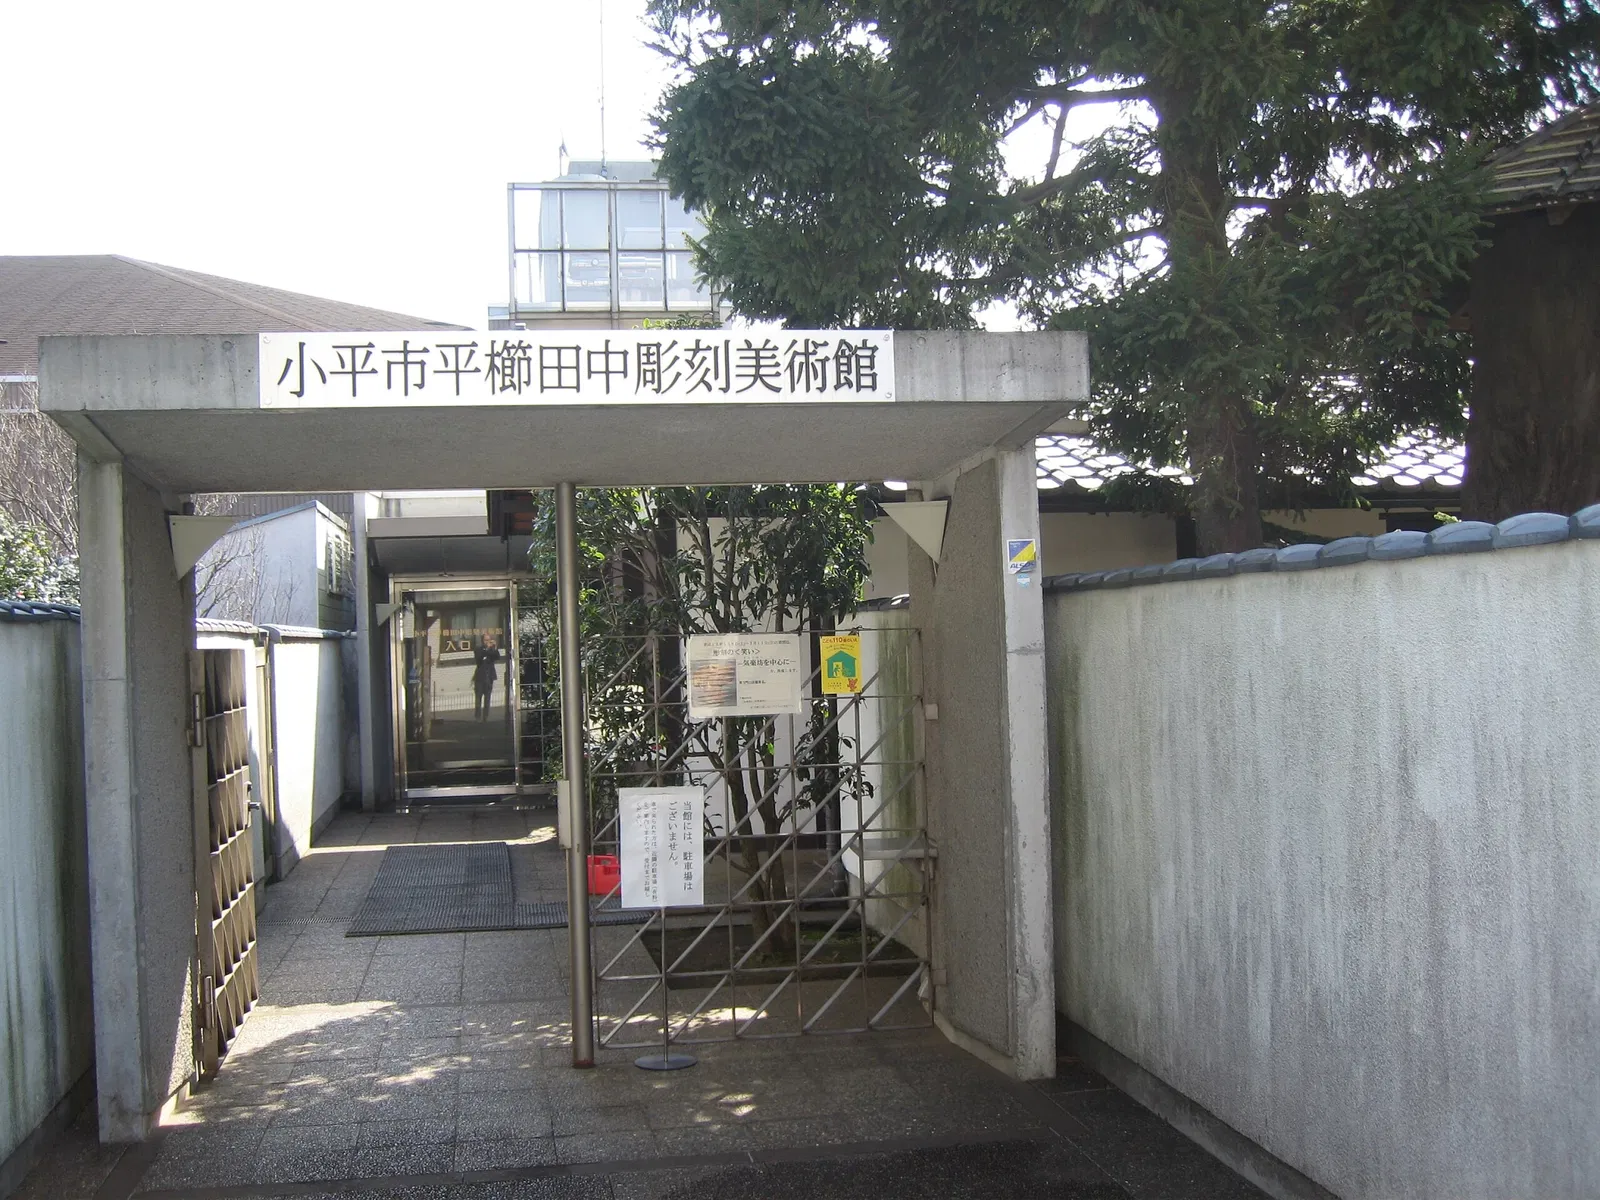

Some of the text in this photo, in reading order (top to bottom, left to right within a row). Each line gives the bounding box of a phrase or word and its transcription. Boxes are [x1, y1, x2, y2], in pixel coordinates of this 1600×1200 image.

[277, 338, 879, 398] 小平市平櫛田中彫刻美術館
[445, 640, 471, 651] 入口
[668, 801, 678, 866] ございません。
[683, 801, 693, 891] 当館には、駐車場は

- - -

- **REQUIRED ACTION**: Pictures in the records above are to be left out of an otherwise exact copy.

- **ANSWER SECTION**:
Some of the text in this photo, in reading order (top to bottom, left to right within a row). Each line gives the bounding box of a phrase or word and its transcription. Boxes are [x1, y1, x2, y2], in pixel coordinates of this 1600×1200 image.

[277, 338, 879, 398] 小平市平櫛田中彫刻美術館
[445, 640, 471, 651] 入口
[668, 801, 678, 866] ございません。
[683, 801, 693, 891] 当館には、駐車場は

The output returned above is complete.